The writer-comedian occupies an unusual place in our culture:

Many of her most ardent fans have never heard her talk.

This spring, Cooper started going viral on TikTok and Twitter for her virtuoso Trump lip syncs, satirizing his tackiest and most ludicrous sound bites, such as when he compared himself to Abraham Lincoln or swore he never hid in a bunker.

Her acting is as slyly inspired as her lip-synching.

In “How to Cognitive,” her Trump talks about taking a mental test, with a dumbfounded doctor looking on:

 

 

In “How to Bunker,” her Trump defends his honor while cowering in the shower and clutching at the curtain.

 

 

In “How to Obamagate,” the president fails to answer what crime, exactly, he’s accusing the former president of committing.

 

 

“I like the idea that I’m inspiring the next generation to make fun of our president,” says Cooper.

Prior to TikTok ubiquity, Cooper, who’s Jamaican American, was a little-known stand-up and a Google employee regarded around the office as a consensus builder.

“I would just repeat what other people said and come to an agreement,” she says. “I didn’t want to rock the boat.” Scroll back far enough into her tweets, and you’ll see she also used to be a prolific reply guy, furiously responding to dozens of Trump’s tweets. (Trump blocked her in 2017 for calling him “unfit for office.”)

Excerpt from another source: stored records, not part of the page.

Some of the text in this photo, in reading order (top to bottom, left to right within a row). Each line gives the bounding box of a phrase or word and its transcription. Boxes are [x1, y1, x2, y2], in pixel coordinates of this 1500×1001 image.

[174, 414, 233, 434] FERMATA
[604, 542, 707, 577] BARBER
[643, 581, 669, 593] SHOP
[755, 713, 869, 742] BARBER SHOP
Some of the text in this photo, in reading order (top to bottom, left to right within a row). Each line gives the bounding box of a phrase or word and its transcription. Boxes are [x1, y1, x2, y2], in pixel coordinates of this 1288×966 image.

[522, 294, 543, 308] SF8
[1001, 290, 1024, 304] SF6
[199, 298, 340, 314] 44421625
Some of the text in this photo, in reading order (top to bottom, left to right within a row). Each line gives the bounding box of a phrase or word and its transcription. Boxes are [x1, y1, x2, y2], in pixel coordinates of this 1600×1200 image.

Like many of us, quarantine boredom drove her to TikTok.

“Being a black woman, I could never get away with talking like that in a meeting, let alone as president of the United States,” Cooper says of Trump’s coronavirus press briefings, which inspired her parodies. Making the videos—a process that can take up to four hours, between memorization and filming—has also given her insight into the president’s psyche: “Any time he had to talk about grief, or loss of life, he stumbled. He’s not comfortable with empathy. He’s not comfortable with grief. He’s not comfortable with anything that makes him feel bad or look bad.”

Though Cooper’s disdain for Trump is clear, MAGA true believers have praised her work:

“I really thought I was going to get a ton of hate mail. [But] that hasn’t happened because, on some level, they’re entertaining to his supporters as well. I don’t know how to feel about that.” Cooper suspects that Trump himself has watched. “I think he thinks I like what he’s saying,” she says, half whispering the dark notion. “Maybe! If you’re a sociopath, you don’t get emotional cues.”

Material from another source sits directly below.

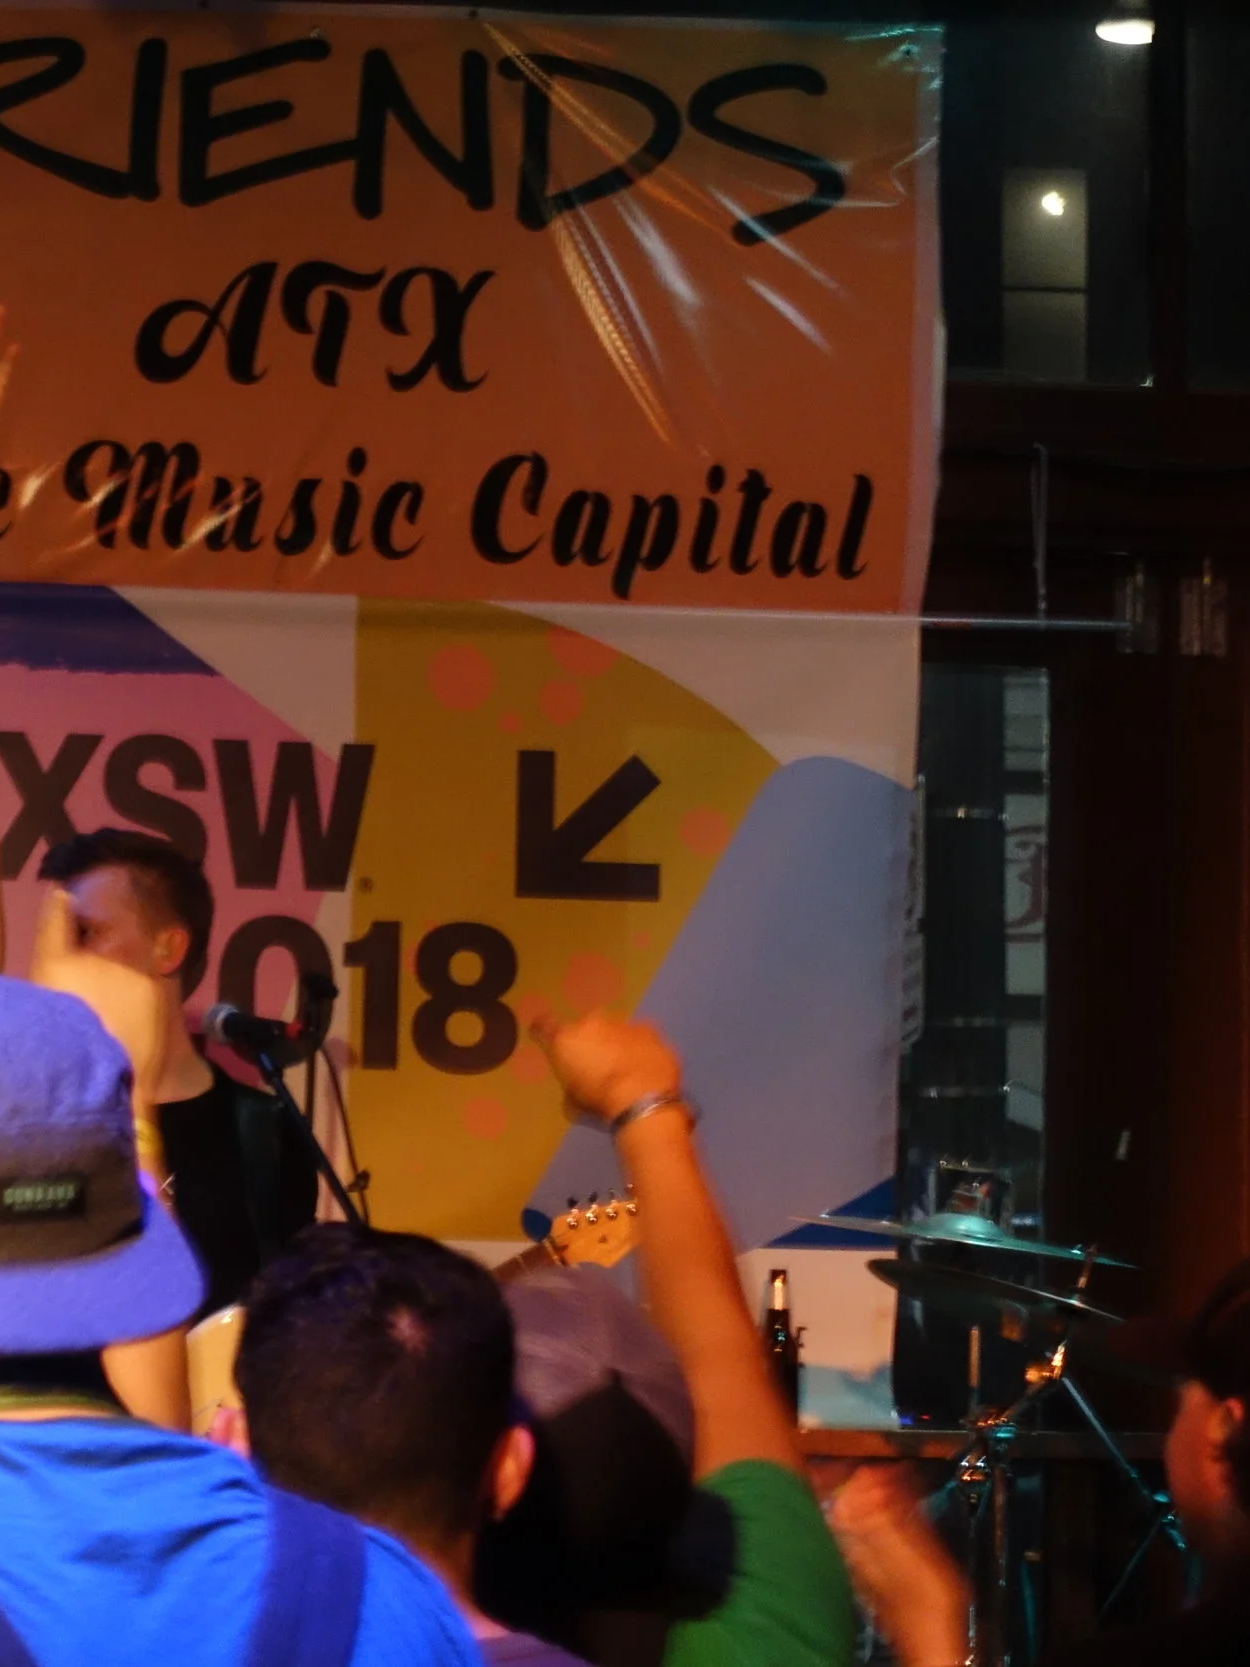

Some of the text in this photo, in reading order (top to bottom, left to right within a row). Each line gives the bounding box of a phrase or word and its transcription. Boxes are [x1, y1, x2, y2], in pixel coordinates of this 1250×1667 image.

[134, 260, 496, 392] ATX
[63, 439, 425, 560] Music
[469, 451, 875, 601] Capital
[182, 915, 518, 1075] 018

Cooper says she would never parody Trump’s cruelest remarks, like his implication that late representative John Dingell was “looking up” at him from hell (“Just evil,” she says, shaking her head), or his most poorly timed failures: “He messed up several words at a Memorial Day speech and people were like, ‘You should do that!’ But no. It’s still a sacred day.”

While amassing 1.5 million Twitter followers, Cooper has signed with talent agency WME and drawn fans like Halle Berry, Jerry Seinfeld, and news legend Dan Rather—who attributes her appeal, in part, to Trump fatigue.

“You feel like you need to know what he’s saying and doing, [but] you’re sick of what he’s saying,” says Rather. “What she brings is something totally new and fresh. And it’s short.”

With a never-ending stream of terrible Trump quotes, Cooper could lip-synch for years to come.

But instead, she’s hoping to branch out into television.

She’s currently writing and pitching a show about an overly confident boss who “fucks up all over the place and still somehow fails up.”

Who could possibly have inspired that?